The goal of the proposal is based on extending the understanding of this universality class in both one and two dimensions. Indeed, controlling microscopic fluctuations has many important applications, for example chip printing in nanotechnology. The PI has previously been successful in showing a major extension of this universality class by studying the so-called rough-smooth transition and has established dynamics in a particular model in the two-dimensional KPZ Universality class. More concretely,
1. the PI plans to establish a robust framework using both algebraic and probabilistic techniques to investigate universality of this transition within the KPZ universality class,
2. make further steps in understanding the two-dimensional KPZ Universality class.

This proposal has both short and long term impacts on society and the economy. These impacts include the training of highly specialised personnel, knowledge generation, outreach and developing a toolkit that has importance to other disciplines based on historical connections of applied probability to other scientific disciplines.

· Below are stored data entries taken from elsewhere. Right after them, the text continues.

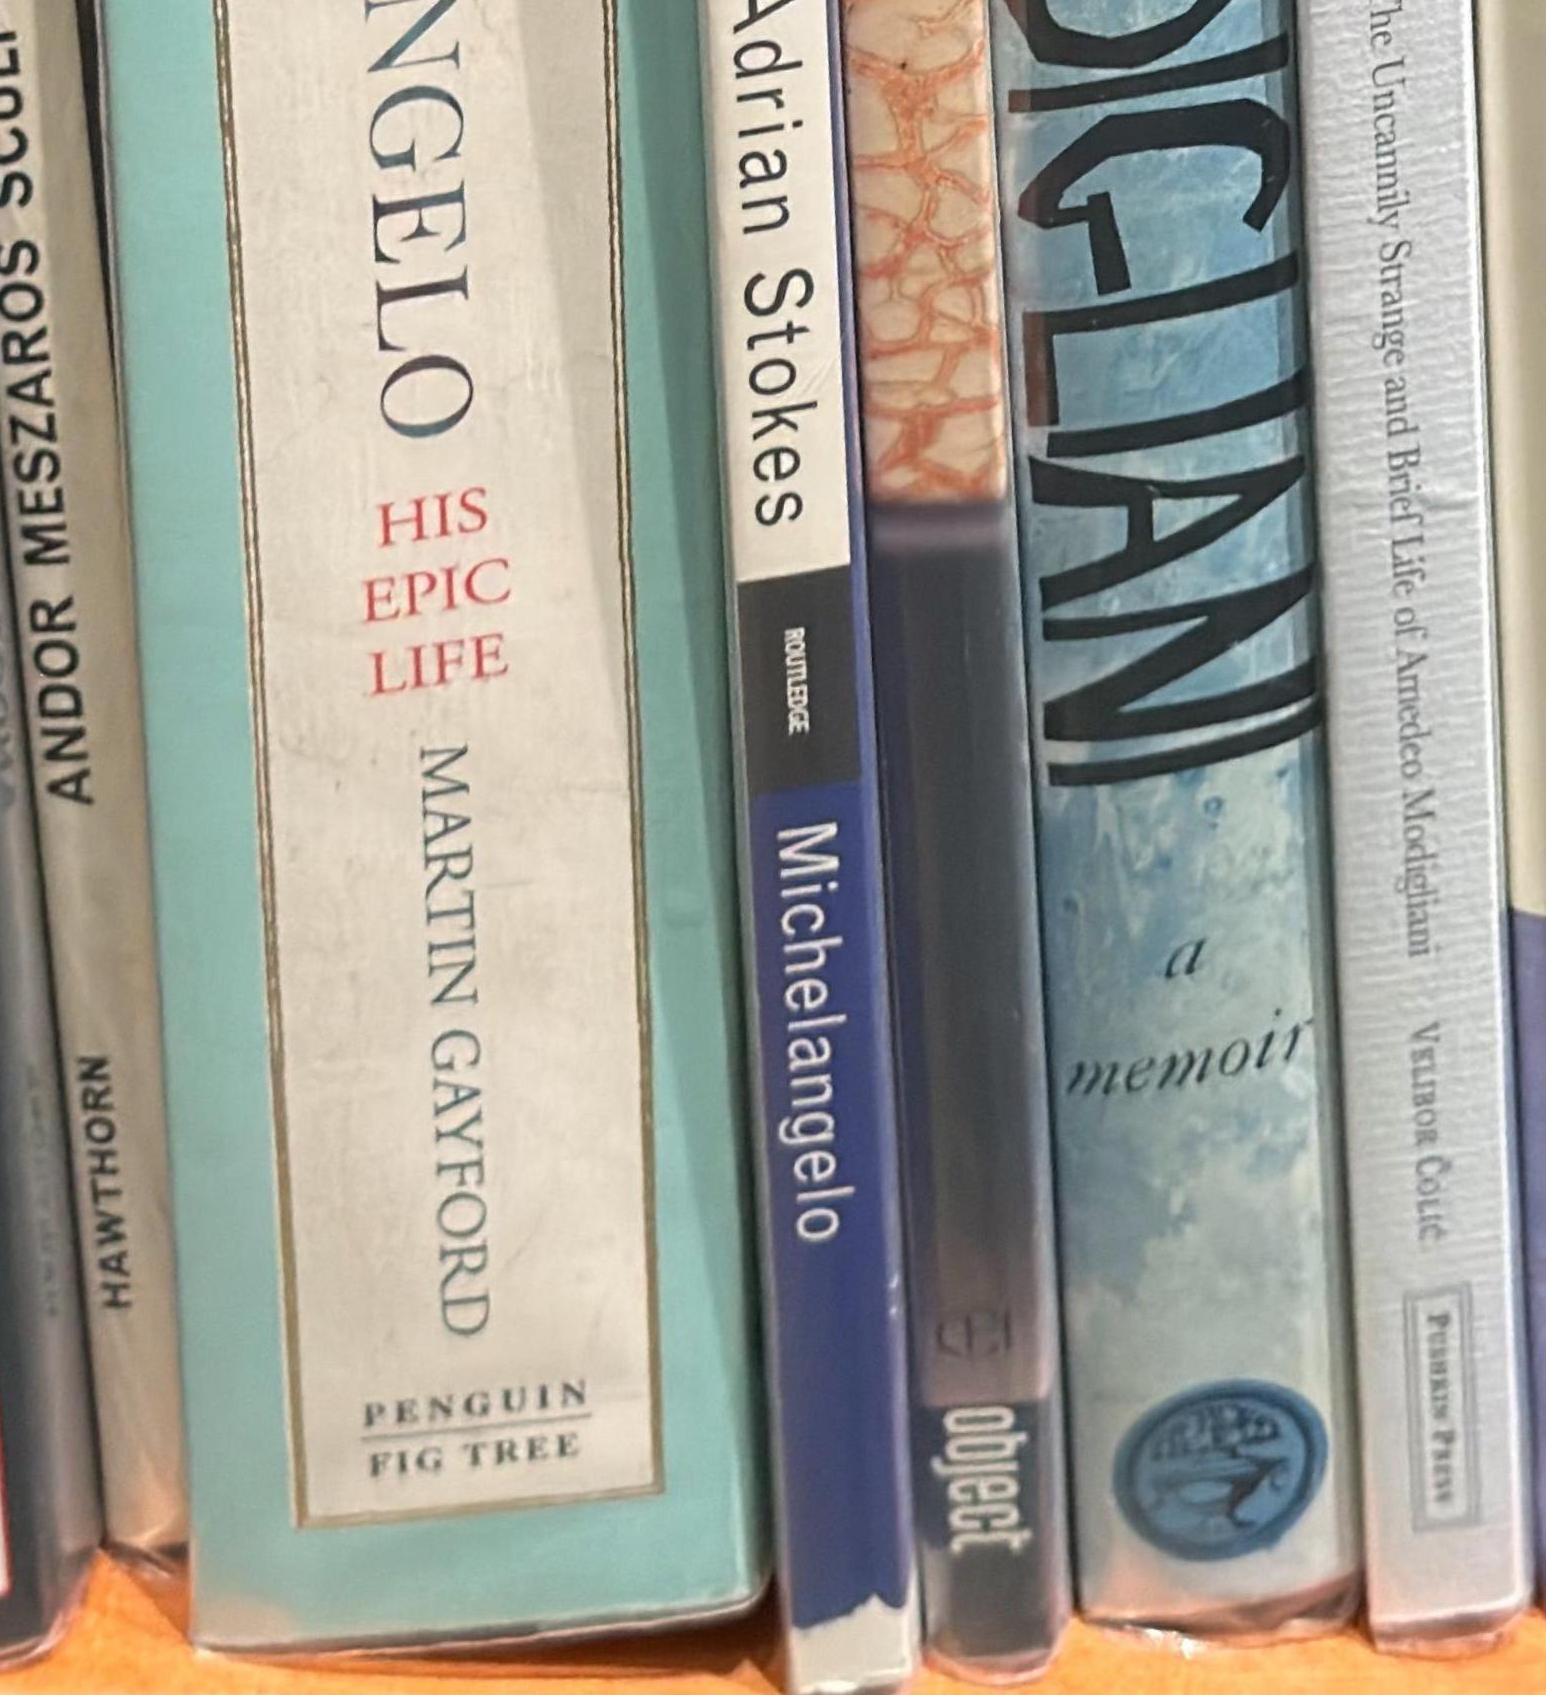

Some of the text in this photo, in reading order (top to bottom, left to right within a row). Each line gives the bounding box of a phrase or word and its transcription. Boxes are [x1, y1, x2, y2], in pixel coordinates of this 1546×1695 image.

[1369, 55, 1410, 229] Uncannily
[1372, 239, 1413, 366] Strange
[743, 266, 819, 528] Stokes
[1384, 376, 1420, 439] and
[376, 486, 489, 550] HIS
[1387, 440, 1425, 524] Brief
[361, 557, 512, 625] EPIC
[1390, 533, 1426, 596] Life
[369, 633, 510, 700] LIFE
[1393, 606, 1426, 639] of
[30, 595, 95, 805] ANDOR
[784, 627, 811, 736] ROUTLEDGE
[1395, 647, 1432, 781] Amedeo
[1395, 786, 1442, 959] Modigliani
[1164, 936, 1209, 980] a
[420, 742, 492, 1341] MARTIN GAYFORD
[776, 821, 856, 1243] Michelangelo
[1066, 1007, 1315, 1097] memoir
[76, 1056, 133, 1310] HAWTHORN
[364, 1379, 589, 1429] PENGUIN
[368, 1432, 581, 1480] FIG TREE
[930, 1404, 1034, 1554] object

1. Training of highly specialised personnel:
The proposal is centred around hiring and further training of two postdoctoral researchers. Further development of these individuals in a state of the art discipline of mathematics (applied probability, algebraic combinatorics, integrable systems) means that these individuals will be highly sought after in a wide range of industries. In particular, these individuals will gain the required professional skills that are transferable to many sectors of industry, including education, technology and financial industries.

2. Knowledge:
As part of the proposal, the PI will continue his work in knowledge generating and disseminating activities. These include publishing research outputs in the top journals of probability and mathematics, giving talks in international and national conferences, and strengthening the PI's existing collaboration network as well as forging new collaborations. During the period of funding, the PI will organise a scientific workshop bringing many key international mathematicians to Durham University. These efforts are important in safeguarding the health of probabilistic research in the UK, which has had many important historical contributions to the financial and technological industries, as well as maintaining the UK's competitiveness in this area of research.

3. Presentation to the wider community:
An important part of research is to foster and encourage dialogue between probabilistic research and the general public. Such a conversation is hugely important as it ensures that the public is up to date with mathematical research and understands the huge role it plays in today's world. The PI will aim to achieve this using public lectures and look for new opportunities to engage the public.

4. Applications to other fields:
Research in probability has enjoyed numerous applications to other fields that have had considerable impacts on the economy, society and general well-being of people. These applications have also influenced research in probability by giving new lines of research problems and challenges for researchers to explore. Two applications of probability that are closely related to the PI's area of expertise are the use of "determinantal point processes" in machine learning, and "statistical mechanics" in its role in understanding complex systems. The latter has had some success in understanding the brain. The PI will look to explore and exploit these types of connections to other fields throughout the grant funding period.